▶ [Provided data]:
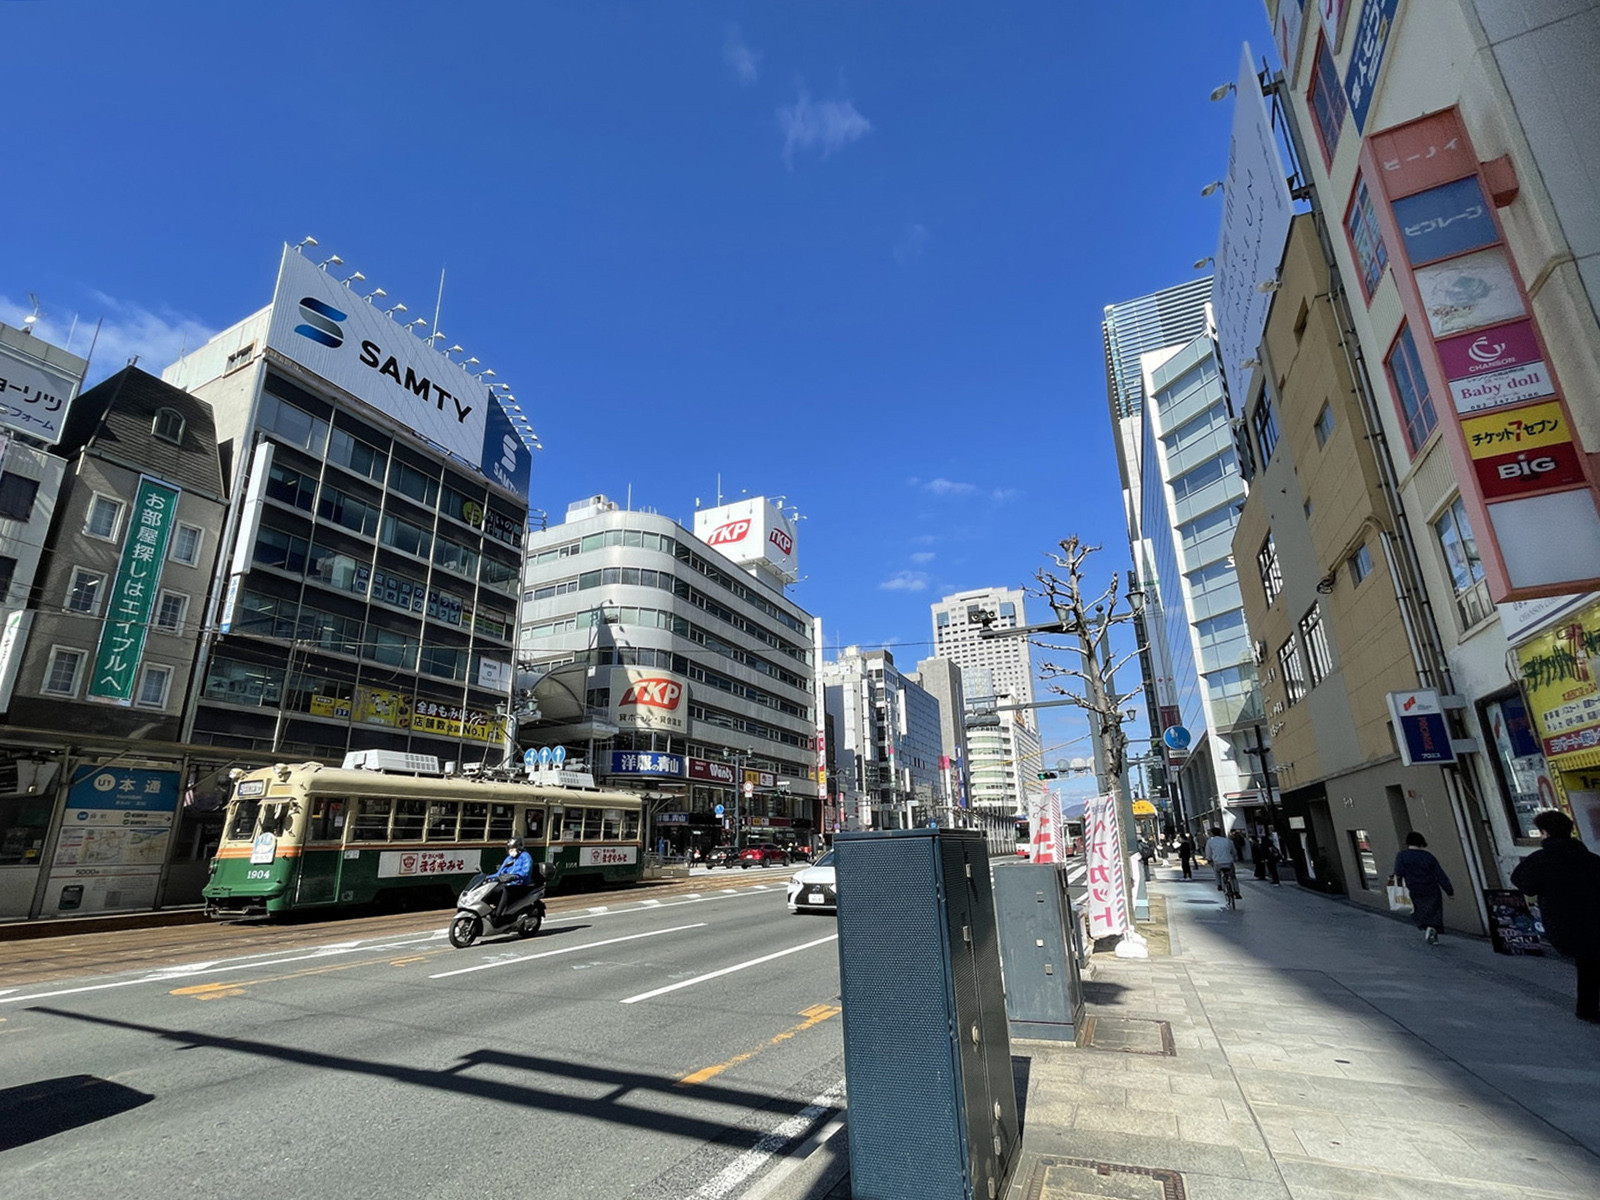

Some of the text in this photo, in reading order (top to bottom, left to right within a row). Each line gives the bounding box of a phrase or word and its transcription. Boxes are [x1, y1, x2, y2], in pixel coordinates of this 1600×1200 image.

[1468, 356, 1516, 372] CHANSON
[359, 339, 473, 424] SAMTY
[1461, 382, 1502, 400] Baby
[1507, 373, 1540, 390] doll
[711, 522, 748, 545] TKP
[771, 530, 791, 550] TKP
[100, 492, 166, 691] お部屋探しはエイブルへ
[628, 682, 680, 704] TKP
[621, 753, 679, 773] 洋服の青山
[709, 762, 733, 783] Wants
[246, 870, 270, 880] 1904
[419, 859, 464, 873] ますやみそ
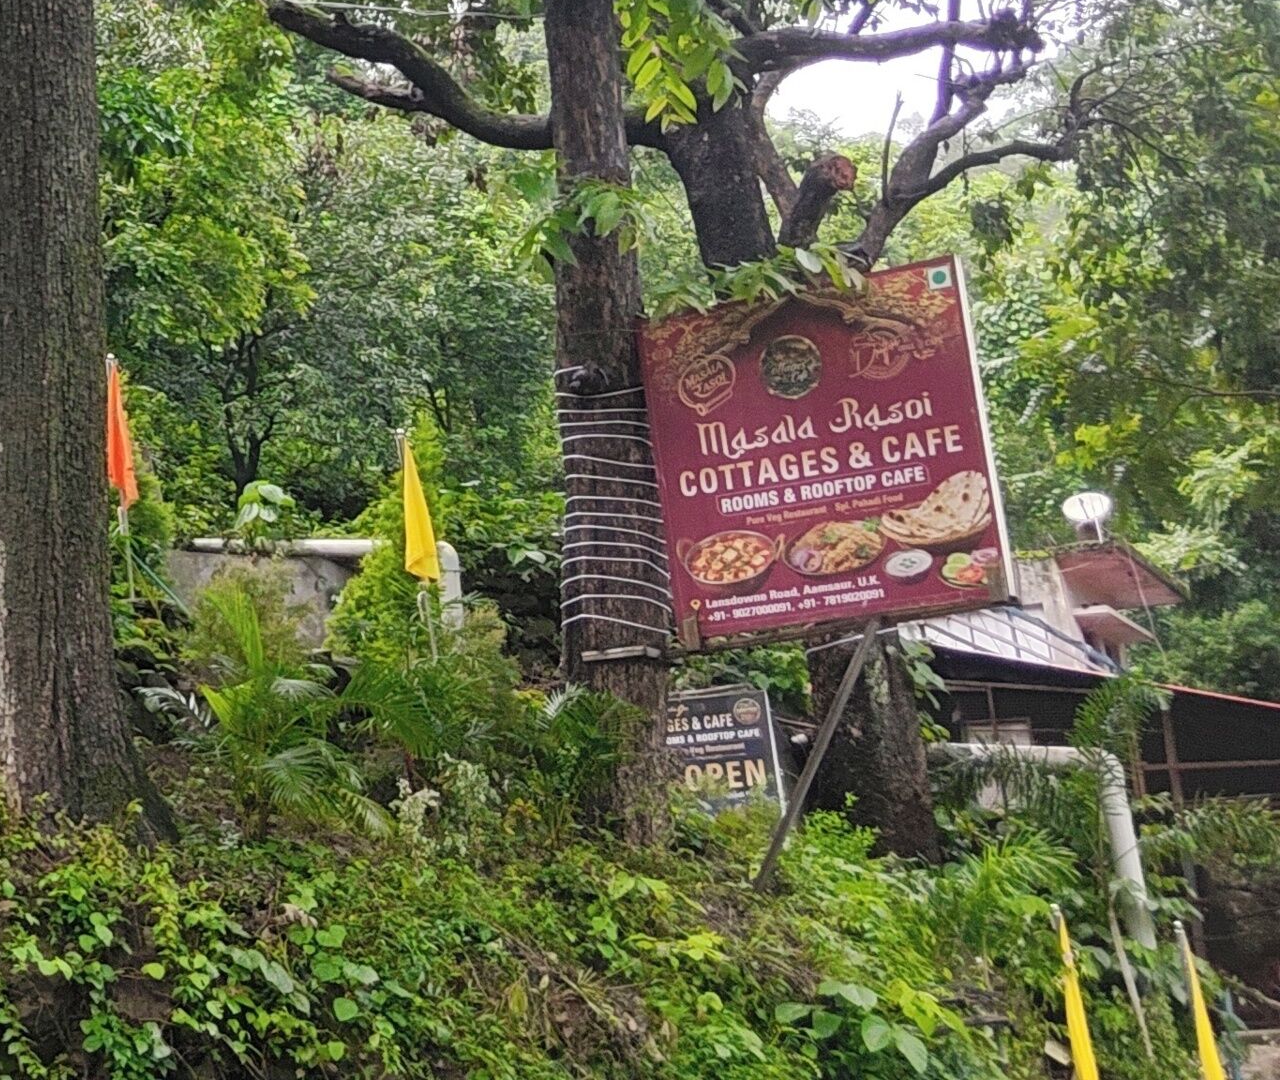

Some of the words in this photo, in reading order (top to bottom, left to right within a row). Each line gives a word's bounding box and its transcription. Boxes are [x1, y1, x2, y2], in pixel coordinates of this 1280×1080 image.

[695, 414, 818, 459] Masala
[829, 392, 933, 432] Rasoi
[679, 447, 839, 497] COTTAGES
[849, 442, 873, 469] &
[881, 425, 964, 463] CAFE
[721, 488, 779, 514] ROOMS
[783, 484, 797, 503] &
[801, 474, 877, 501] ROOFTOP
[881, 466, 926, 487] CAFE
[703, 713, 735, 729] CAFE
[684, 758, 768, 792] OPEN

▶ [Task to complete]:
Leaving out the pictures, repeat all of the entries exactly.

▶ [Result]:
Some of the text in this photo, in reading order (top to bottom, left to right within a row). Each line gives the bounding box of a phrase or word and its transcription. Boxes are [x1, y1, x2, y2], in pixel coordinates of this 1600×1200 image.

[1468, 356, 1516, 372] CHANSON
[359, 339, 473, 424] SAMTY
[1461, 382, 1502, 400] Baby
[1507, 373, 1540, 390] doll
[711, 522, 748, 545] TKP
[771, 530, 791, 550] TKP
[100, 492, 166, 691] お部屋探しはエイブルへ
[628, 682, 680, 704] TKP
[621, 753, 679, 773] 洋服の青山
[709, 762, 733, 783] Wants
[246, 870, 270, 880] 1904
[419, 859, 464, 873] ますやみそ

Some of the words in this photo, in reading order (top to bottom, left to right within a row). Each line gives a word's bounding box and its transcription. Boxes are [x1, y1, x2, y2], in pixel coordinates of this 1280×1080 image.

[695, 414, 818, 459] Masala
[829, 392, 933, 432] Rasoi
[679, 447, 839, 497] COTTAGES
[849, 442, 873, 469] &
[881, 425, 964, 463] CAFE
[721, 488, 779, 514] ROOMS
[783, 484, 797, 503] &
[801, 474, 877, 501] ROOFTOP
[881, 466, 926, 487] CAFE
[703, 713, 735, 729] CAFE
[684, 758, 768, 792] OPEN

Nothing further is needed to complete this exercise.